Where an entry contains a picture, omit the picture and repeat the rest exactly.

Text-to-region grounding data
------------------------------

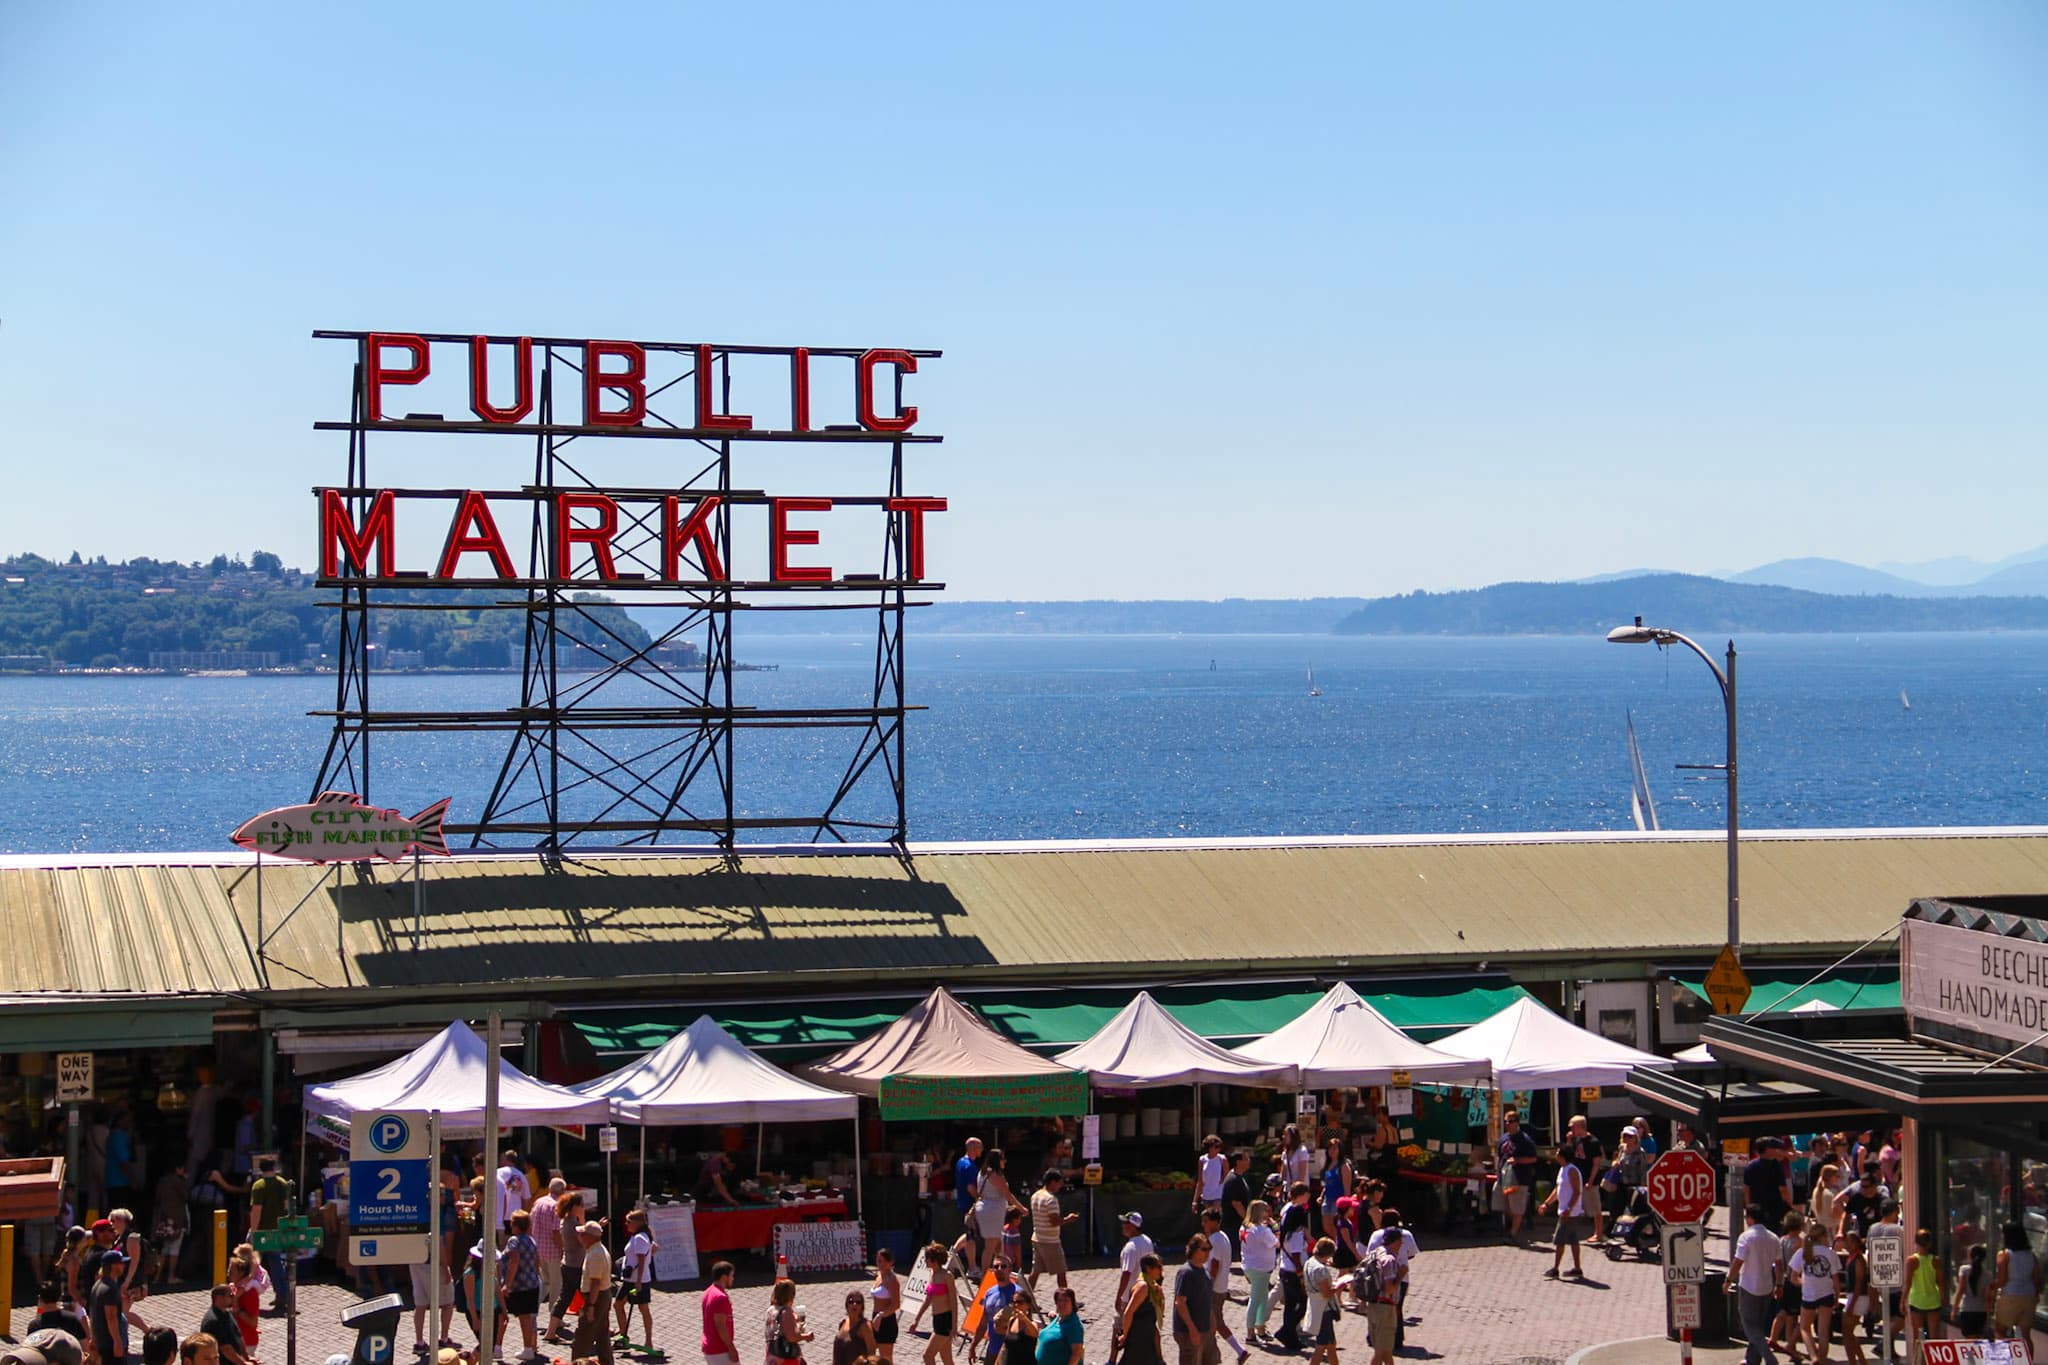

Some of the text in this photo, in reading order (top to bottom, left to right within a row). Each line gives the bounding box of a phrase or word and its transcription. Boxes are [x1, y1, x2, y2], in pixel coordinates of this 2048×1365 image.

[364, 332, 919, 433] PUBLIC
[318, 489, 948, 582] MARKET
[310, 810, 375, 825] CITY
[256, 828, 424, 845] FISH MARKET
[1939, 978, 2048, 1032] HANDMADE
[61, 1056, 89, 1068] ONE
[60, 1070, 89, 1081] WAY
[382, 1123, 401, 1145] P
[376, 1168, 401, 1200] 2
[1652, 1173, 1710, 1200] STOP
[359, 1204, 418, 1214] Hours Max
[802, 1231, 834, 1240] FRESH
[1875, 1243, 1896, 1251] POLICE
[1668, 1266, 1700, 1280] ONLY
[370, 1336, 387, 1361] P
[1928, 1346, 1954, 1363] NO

------------------------------

--- ANSWER TO THE EXERCISE ---
Some of the text in this photo, in reading order (top to bottom, left to right within a row). Each line gives the bounding box of a phrase or word and its transcription. Boxes are [x1, y1, x2, y2], in pixel coordinates of this 2048×1365 image.

[364, 332, 919, 433] PUBLIC
[318, 489, 948, 582] MARKET
[310, 810, 375, 825] CITY
[256, 828, 424, 845] FISH MARKET
[1939, 978, 2048, 1032] HANDMADE
[61, 1056, 89, 1068] ONE
[60, 1070, 89, 1081] WAY
[382, 1123, 401, 1145] P
[376, 1168, 401, 1200] 2
[1652, 1173, 1710, 1200] STOP
[359, 1204, 418, 1214] Hours Max
[802, 1231, 834, 1240] FRESH
[1875, 1243, 1896, 1251] POLICE
[1668, 1266, 1700, 1280] ONLY
[370, 1336, 387, 1361] P
[1928, 1346, 1954, 1363] NO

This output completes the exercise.